**What the task requires:**
Only the text of the entries below should appear in your exact transcription; leave out every picture.

**Given records:**
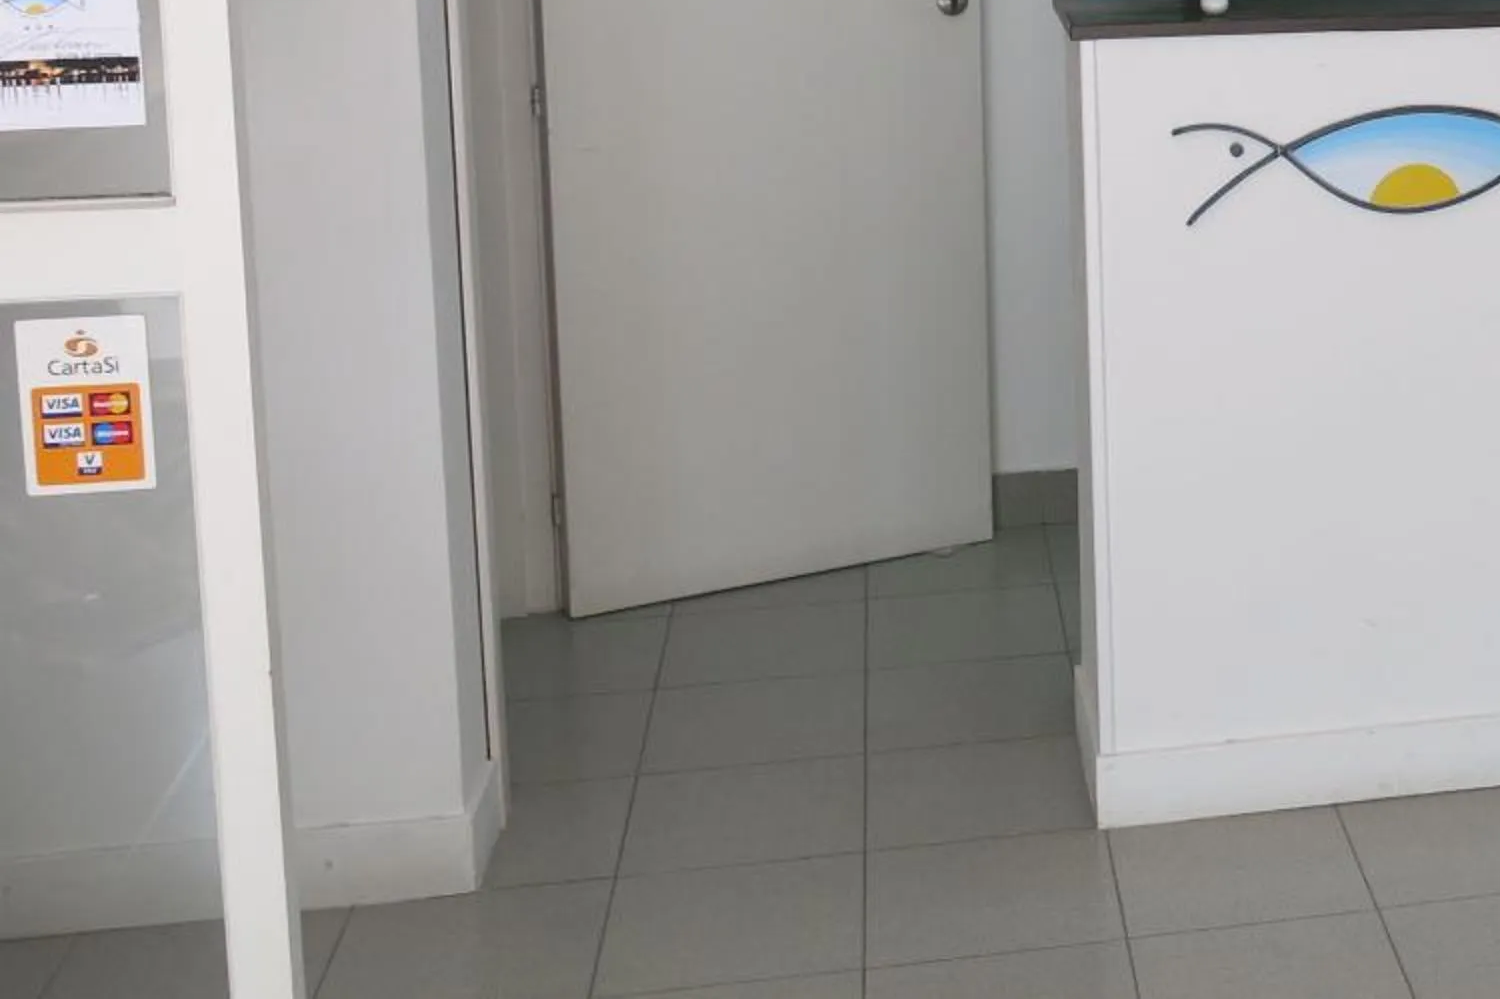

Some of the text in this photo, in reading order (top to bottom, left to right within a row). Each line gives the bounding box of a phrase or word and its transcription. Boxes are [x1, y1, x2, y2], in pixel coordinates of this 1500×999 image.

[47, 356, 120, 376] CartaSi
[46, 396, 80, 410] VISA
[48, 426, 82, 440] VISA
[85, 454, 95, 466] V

**Solution for this exercise:**
Some of the text in this photo, in reading order (top to bottom, left to right within a row). Each line gives the bounding box of a phrase or word and its transcription. Boxes are [x1, y1, x2, y2], in pixel coordinates of this 1500×999 image.

[47, 356, 120, 376] CartaSi
[46, 396, 80, 410] VISA
[48, 426, 82, 440] VISA
[85, 454, 95, 466] V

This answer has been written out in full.